Enteroscopy is a procedure used to examine the small intestine (small bowel).

Alternative Names

Small bowel biopsy; Push enteroscopy; Double-balloon enteroscopy; Capsule enteroscopy; Sonde enteroscopy

How the test is performed

A thin, flexible tube (endoscope) is inserted through the mouth or nose and into the upper gastrointestinal tract. During a double-balloon enteroscopy, balloons attached to the endoscope can be inflated to allow the doctor to view a large part of the small intestine.

In a colonoscopy, a flexible tube is inserted through your rectum and colon. The tube usually can reach into the end part of the small intestine (ileum). See also: Colonoscopy

Tissue samples removed during enteroscopy are sent to the laboratory for examination.

How to prepare for the test

Do not take products containing aspirin for 1 week before the procedure. Tell your doctor if you take blood thinners such as warfarin (Coumadin) or clopidogrel (Plavix), because these may interfere with the test. Do NOT stop taking any medication unless told to do so by your health care provider.

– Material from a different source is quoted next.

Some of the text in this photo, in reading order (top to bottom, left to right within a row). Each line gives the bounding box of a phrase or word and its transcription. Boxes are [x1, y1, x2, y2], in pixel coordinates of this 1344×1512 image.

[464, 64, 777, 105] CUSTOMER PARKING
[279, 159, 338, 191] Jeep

Do not eat any solid foods or milk products after midnight the day of your procedure. You may have clear liquids until 4 hours before your exam.

You must sign a consent form.

How the test will feel

When the tube is put into your mouth and down your esophagus (food pipe), you may feel like gagging. You will get a numbing medicine to reduce this feeling.

You may get a mild sedative, but only in small doses because you must stay alert enough to help with the procedure (by doing such things as swallowing and turning). The biopsy sampling causes little or no pain, although you may have some mild cramping.

Why the test is performed

This test is most often performed to help diagnose diseases of the small intestines. It may be done if you have:

  • Abnormal x-ray results
  • Tumors in the small intestines
  • Unexplained diarrhea
  • Unexplained gastrointestinal bleeding
Normal Values

In a normal test result, the health care provider will not find sources of bleeding in the small bowel, and will not find any tumors or other abnormal tissue.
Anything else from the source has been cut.